Festivals

Nocturama – first look review

Words by Manuela Lazic

Two figures with curly dark hair wearing dark clothing, one in a yellow top, against a dark background with lights.
Two figures with curly dark hair wearing dark clothing, one in a yellow top, against a dark background with lights.
Bertrand Bonello stuns with this coolly exacting, lightly experimental take on the impulse modern terrorism.

The new feature by French director Bertrand Bonello made headlines long before its premiere at this year’s Toronto International Film Festival. Its basic premise of young people planning a bomb attack in Paris was deemed too hot in a climate where the period between terrorist attacks on French city were getting shorter and shorter. Yet while this trigger warning is understandable, it nonetheless comes from a misunderstanding of the film’s particular – and particularly graceful – argument.

Throughout the film, the teenagers never discuss the exact motivation behind their attacks. In fact, they barely talk at all. Yet their deafening silence is revelatory in itself, speaking of a general, suffocating malaise in the Parisian air. With immaculate subtlety, Bonello portrays this tension found in the eerie solitude in present tense Paris as nudging these kids into action.

Suspense builds up as they attempt to bring the city’s anxiety to its paroxysm without succumbing to it themselves. The director finds formal ways to further immerse the audience in this heart-stopping adventure. Echoing his 2011 breakthrough feature, House of Tolerance, Bonello again manipulates the chronology and perspective of events, and does so without warning but always with coherence. Flashbacks to the early stages of the enterprise appear only late in the film, and while they reveal little about the operation itself, their sudden inclusion feels like a burst of real life for these characters, giving them a palpable sense of normality before that fateful day.

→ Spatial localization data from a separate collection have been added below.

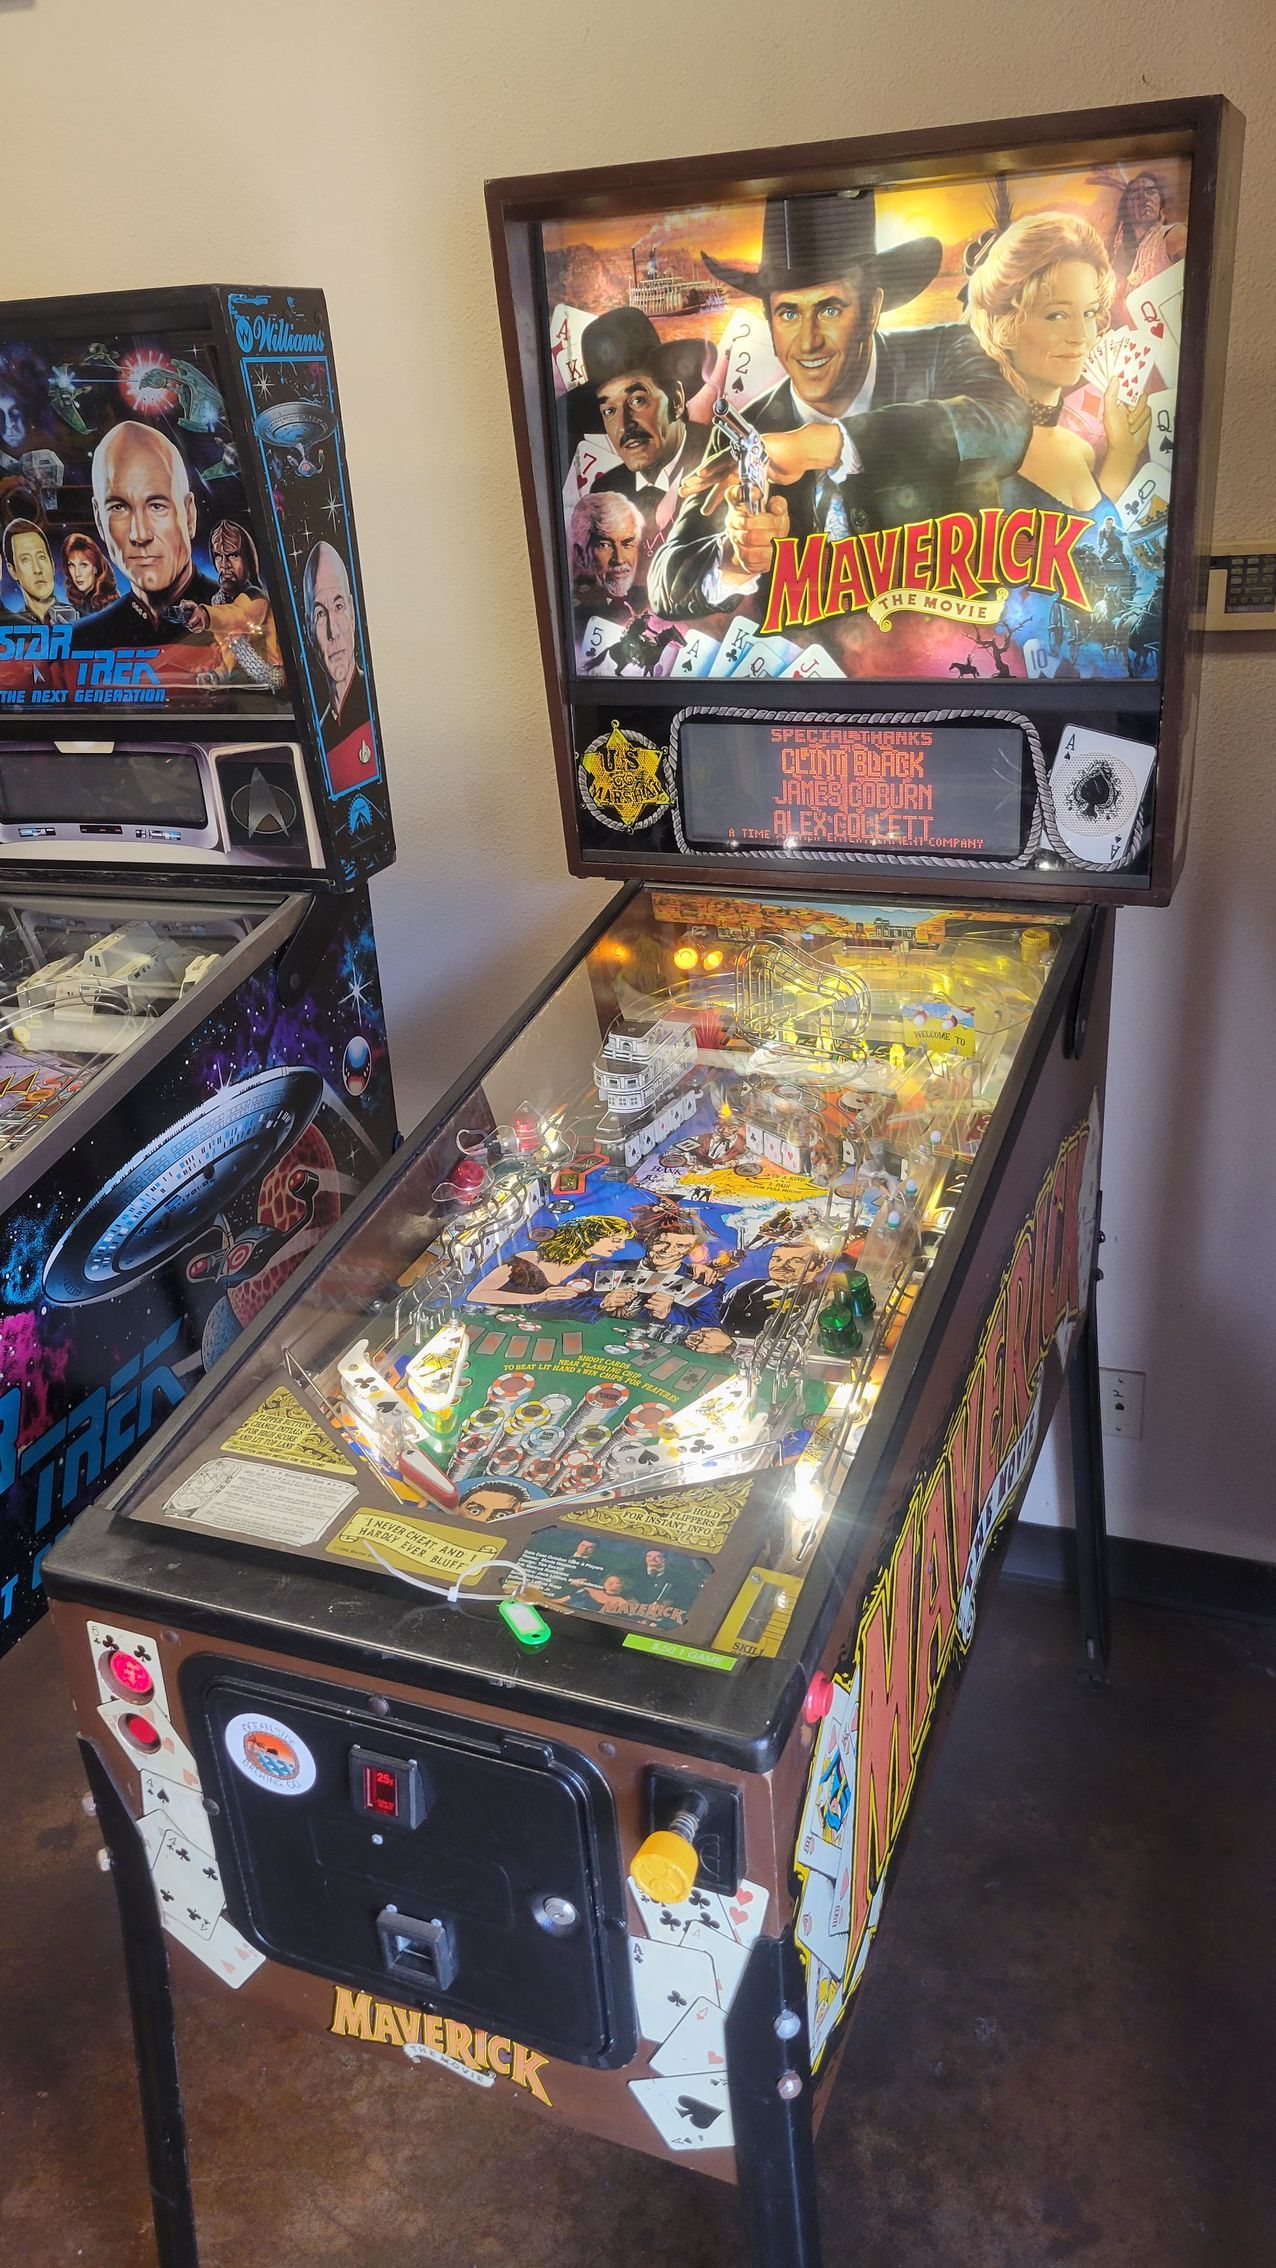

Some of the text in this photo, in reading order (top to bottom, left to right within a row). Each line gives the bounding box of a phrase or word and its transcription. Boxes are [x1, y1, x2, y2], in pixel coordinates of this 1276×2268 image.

[1141, 301, 1160, 322] Q
[253, 315, 325, 352] Williams
[556, 319, 568, 341] A
[565, 358, 582, 381] K
[736, 352, 751, 374] 2
[1157, 410, 1172, 432] Q
[582, 453, 597, 475] 7
[1138, 480, 1156, 504] Q
[759, 507, 1096, 635] MAVERICK
[879, 594, 987, 619] THE MOVIE
[0, 624, 73, 660] STAR
[590, 627, 604, 647] 5
[731, 628, 750, 650] K
[687, 640, 700, 659] A
[71, 649, 161, 685] TREK
[0, 689, 166, 703] THE NEXT GENERATION
[771, 728, 933, 746] SPECIAL THANKS
[1065, 733, 1076, 751] A
[782, 748, 924, 778] CLINT BLACK
[772, 780, 933, 810] JAMES COBURN
[773, 810, 828, 837] ALEX
[727, 828, 735, 837] A
[742, 828, 771, 839] TIME
[928, 837, 984, 849] COMPANY
[914, 1031, 966, 1047] WELCOME TO
[651, 1166, 682, 1175] BANK
[558, 1359, 642, 1379] NEAR FLASHING CHIP
[578, 1355, 631, 1370] SHOOT CARDS
[552, 1365, 576, 1373] HAND
[582, 1368, 597, 1377] WIN
[599, 1371, 623, 1382] CHIPS
[624, 1377, 641, 1386] FOR
[641, 1383, 680, 1403] FEATURES
[20, 1318, 188, 1535] TREK
[250, 1421, 305, 1435] CHANGE INITIALS
[257, 1414, 313, 1429] FLIPPER BUTTONS
[244, 1427, 299, 1442] FOR HIGH SCORE
[252, 1436, 264, 1444] LIT
[623, 1511, 711, 1535] FOR INSTANT INFO
[669, 1511, 716, 1527] FLIPPERS
[692, 1507, 720, 1519] HOLD
[359, 1527, 401, 1545] HARDLY
[400, 1541, 428, 1557] EVER
[375, 1520, 405, 1536] NEVER
[439, 1545, 466, 1559] AND
[848, 1115, 1092, 1990] MAVERICK
[599, 1602, 688, 1625] MAVERICK
[688, 1650, 724, 1665] GAME
[633, 1943, 644, 1956] A
[330, 1985, 553, 2108] MAVERICK
[410, 2045, 485, 2083] THE MOVIE
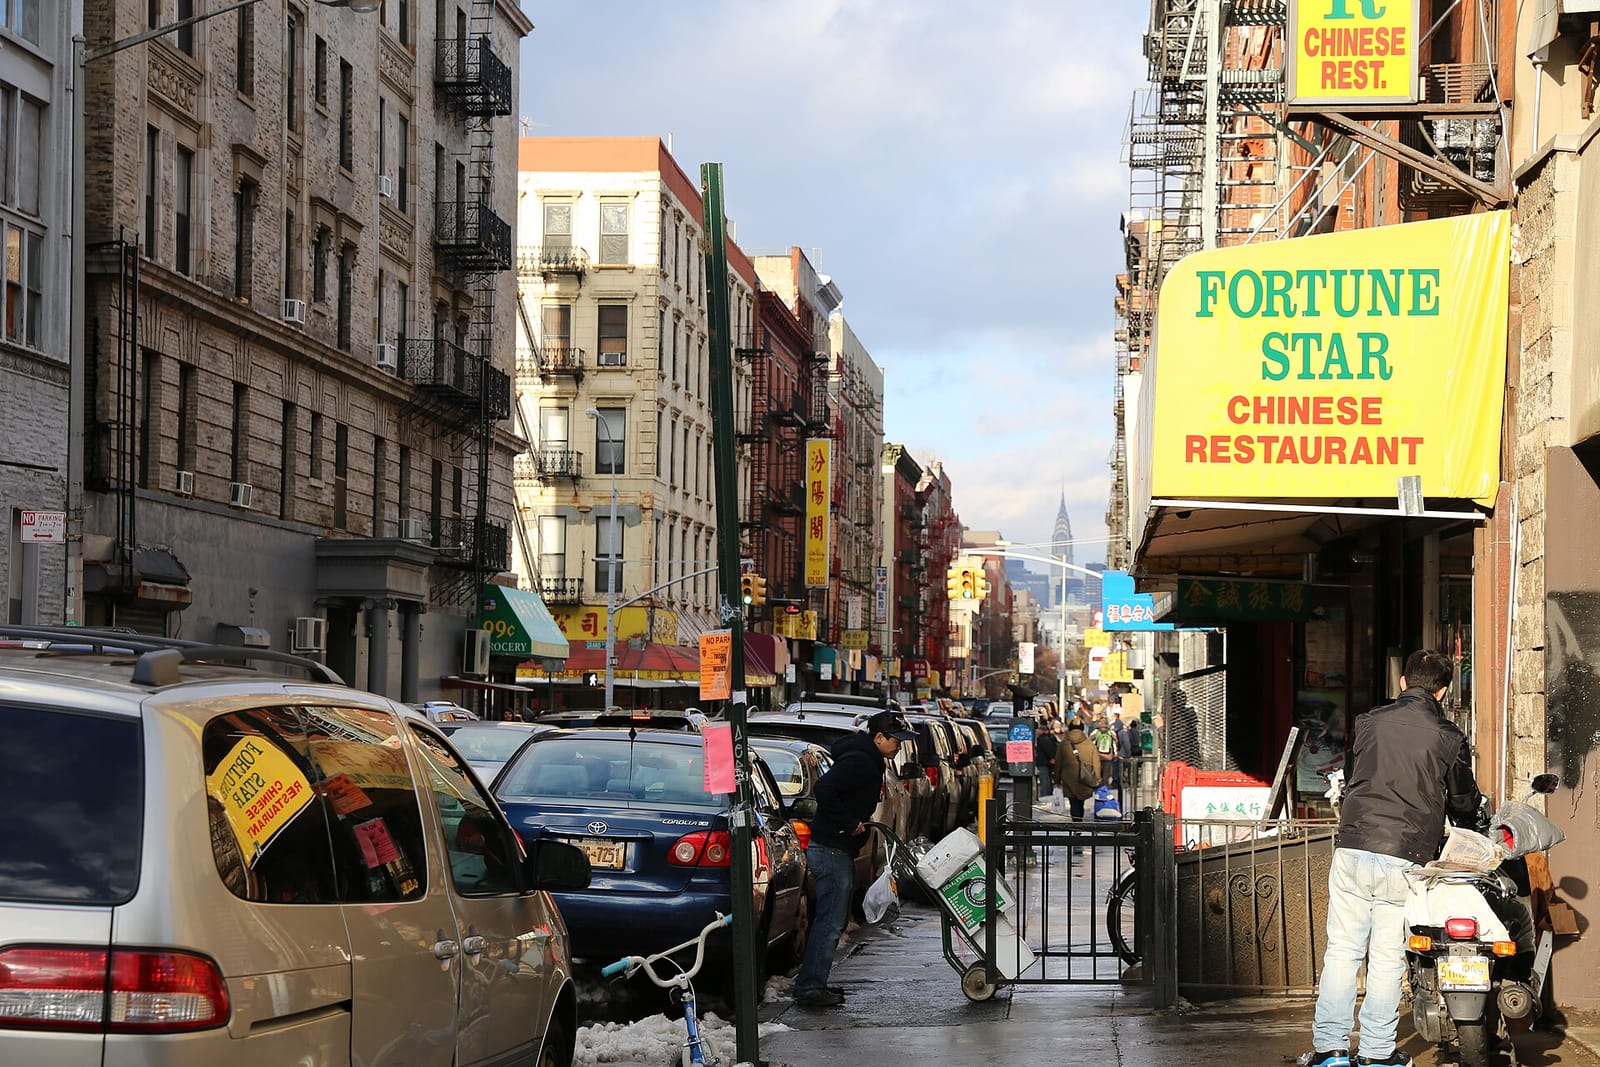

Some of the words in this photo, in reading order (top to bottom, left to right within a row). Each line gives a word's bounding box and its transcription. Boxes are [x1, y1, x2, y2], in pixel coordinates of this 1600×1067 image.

[1304, 27, 1406, 57] CHINESE
[1321, 60, 1387, 89] REST.
[1195, 269, 1440, 318] FORTUNE
[1261, 331, 1393, 381] STAR
[1227, 395, 1383, 425] CHINESE
[1185, 435, 1424, 465] RESTAURANT
[23, 513, 35, 524] NO
[706, 637, 715, 645] NO
[662, 818, 697, 826] COROLLA

Such powerful sensations also spring from Bonello’s masterful and unapologetic use of multiple viewpoints to accentuate the spectacular elements of certain moments. He repeats scenes of explosions – but more originally and shockingly, brutal shootings – multiple times in quick succession, and from various angles. He comes close to the bombast of American action films, but adds a layer a feeling often lacking from this exhilarating trope through rich characterisation.

The kids may not have many lines and little is known about them, yet their humanity shines through the actors’ faces. Bonello focuses on only at key moments, and thus avoids cheap dramatisation. The young adults go beyond being a metaphor for the unrest in Paris and France at large because their faces – and in fact their entire bodies – are given space to be fully expressive.

Such closeness with these characters comes into a disturbing relationship with their oblivious yet understandable attraction to the superficial in the film’s second part. From the very beginning, their path is mediated by their mobile phones via the exchange of pictures through texts. It makes their experience virtual, at least to some extent. Their use of technology never seems tacky, as Bonello understands how devices have become almost an extension of the body for young people. In the last segment, however, the artificiality is complete, as the kids have to live in the luxury of a closed shopping mall, the appeal of which they can’t resist.

Trying on expensive clothes, playing music loud and stealing food, the teenagers are enjoying the simple but expensive pleasures of the bourgeoisie life. Rather than wanting to overthrow this economic system and have more equality, they actually only want to be at the top of that pyramid: they want to be bourgeois. David (Finnegan Oldfield) plays the dark knight when dressed in a dashing blue suit. He heads for a wander and observes the city that he has brought to a stand still. Yet his satisfaction – as well as that of his partners in crime – never seems complete. The intensely aggressive pop songs he listens to at the mall or the expensive outfits he can borrow can’t bring him the life his attacks have sucked from Paris.

The cruelty of this situation is what the director makes the audience feel very strongly in the film’s final action-chase sequence. Finding refuge in beautiful things, thoughtlessness and loneliness reveals itself as only a temporary relief and one that ultimately only leads to more detachment and dehumanisation.